The fourth annual Camp Out to End Youth Homelessness held last Friday night was a bittersweet success for A Way Home Kamloops despite raising more than double the original $50,000 goal.
Appearing on the NL Morning News, A Way Home Kamloops President, Louise Richards, says after the death of the organization’s founder, Katherine McParland, the camp out was something they could rally around.
“It has been a difficult week. The camp out was something for all of us to focus on and kind of come together around that enterprise and then the response of the community was just like, amazing,” she said.
“Nobody expected anything like we were able to achieve so a thank you to everyone out there.”
Richards says A Way Home Kamloops plans to carry the momentum they’ve built forward, calling it their number one goal.
“We’re totally committed to ending youth homelessness, it was Katherine’s passion but certainly there is a good group of capable staff and the board, we’re all in agreement with that mission so we are able to carry on, regroup and look at how we’re going to do that and what projects we’ll be looking to add to the ones that we already have underway,” she said.
Richards says the $108,000 that has been raised so far will raised will go to several areas within the organization, noting there is nothing specific that has been planned just yet.
“We are always looking to increase the housing options that we have for youth so that is where that money will go but as for ‘this is what we’re actually going to do tomorrow with that money’, we don’t have that exact plan in place at the moment,” Richards added.
The goal of A Way Home Kamloops, she says, hasn’t really changed, noting there are always challenges.
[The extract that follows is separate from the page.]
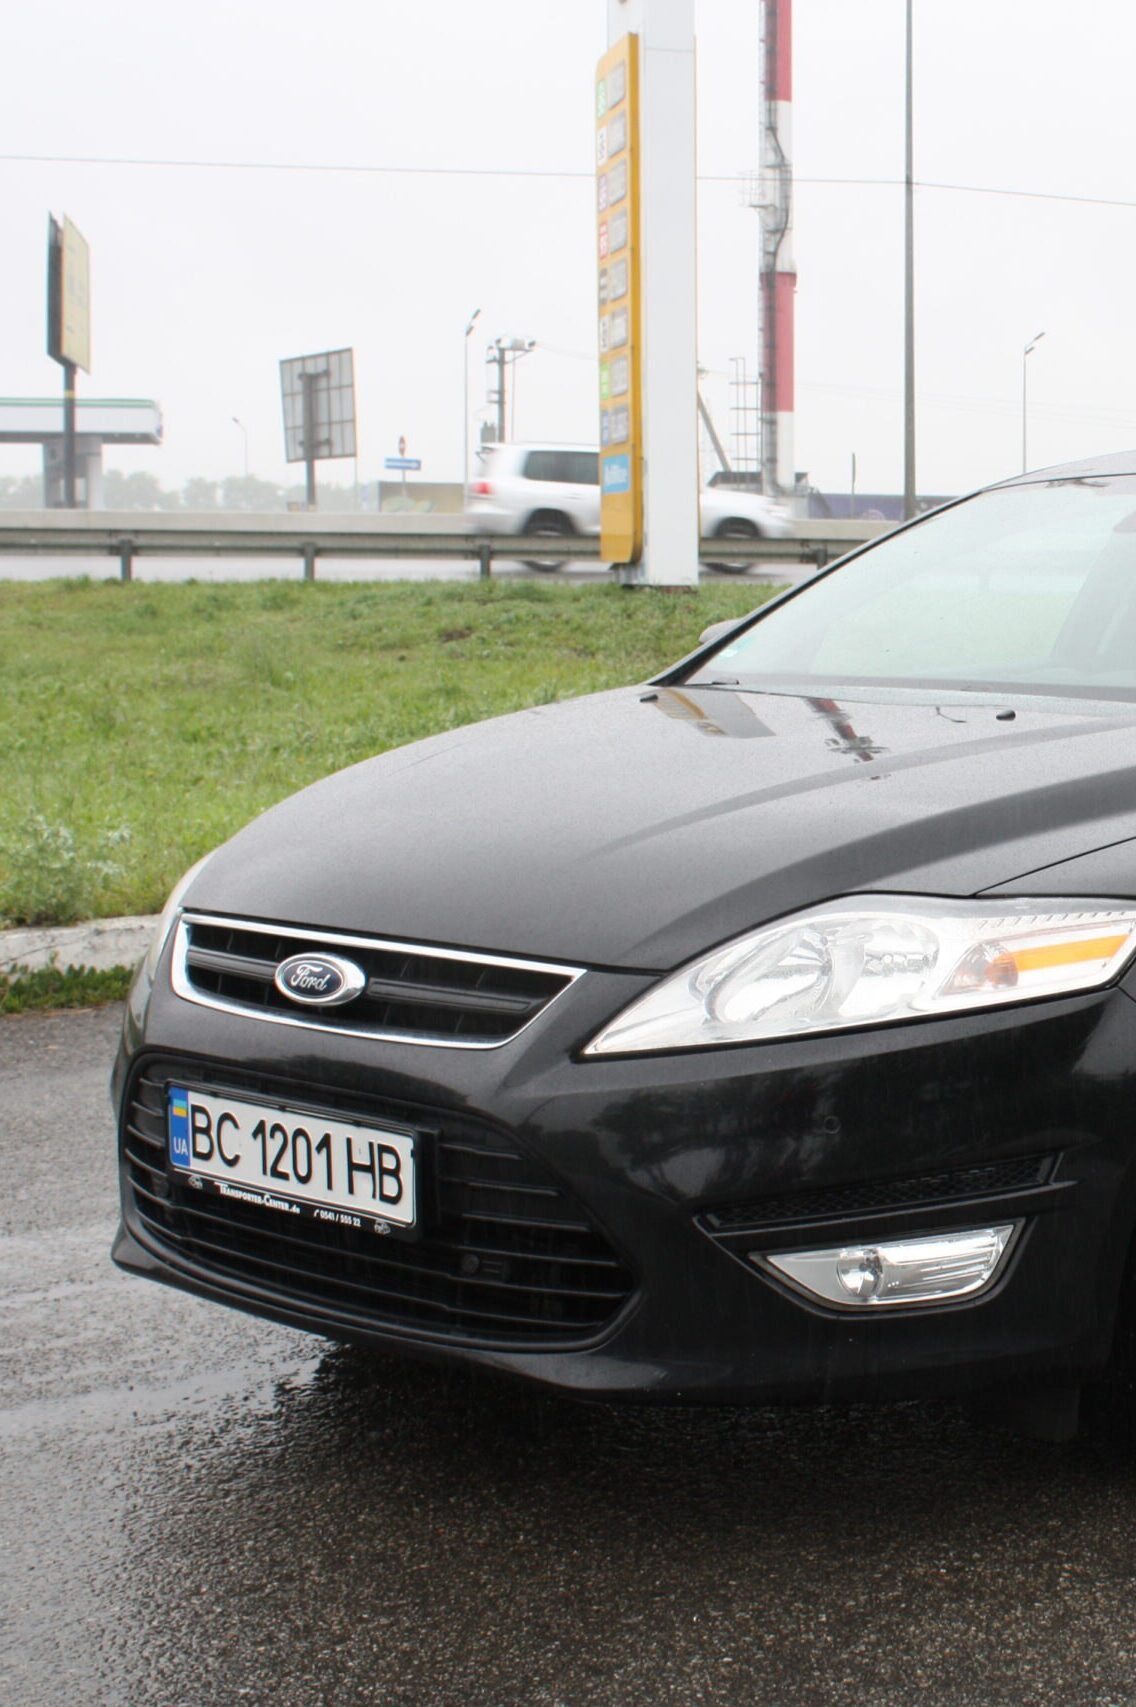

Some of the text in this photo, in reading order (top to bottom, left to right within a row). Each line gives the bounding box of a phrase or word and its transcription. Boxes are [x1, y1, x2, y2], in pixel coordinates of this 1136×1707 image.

[291, 964, 331, 991] Ford
[173, 1136, 189, 1157] UA
[190, 1104, 404, 1206] BC 1201 HB
“One of the things we’ve always been working on, and Katherine of course took the lead and identified this, is getting the different parties working together,” she said.
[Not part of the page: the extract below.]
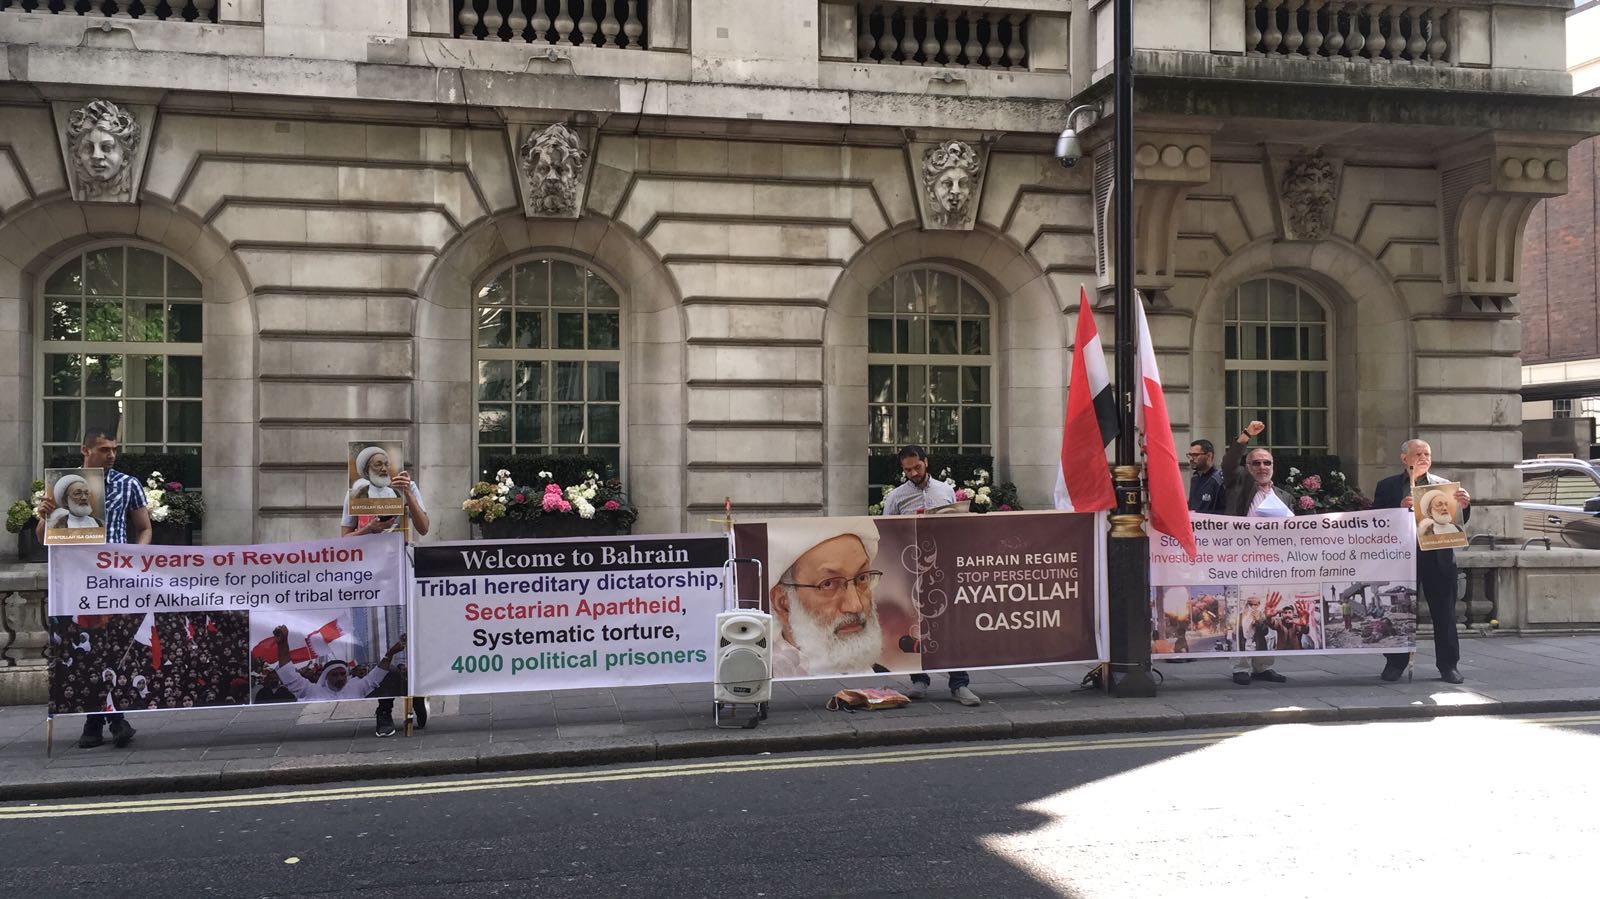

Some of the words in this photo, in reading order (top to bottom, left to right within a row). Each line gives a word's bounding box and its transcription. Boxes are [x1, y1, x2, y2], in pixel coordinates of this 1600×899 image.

“There are different ministries and organizations that will have a piece of the youth homelessness trajectory and what we’ve always tried to do is get a coherent and coordinated support system behind the youth so that kind of work will continue.”
When asked if some of the $108,000 could go to buying cheap hotel space as temporary housing, Richards says, “there always need to be a range of housing options, there isn’t one particular type of housing that’s ever going to solve the problems so hotel housing is one of the pieces of the pie but it can’t be the only one.”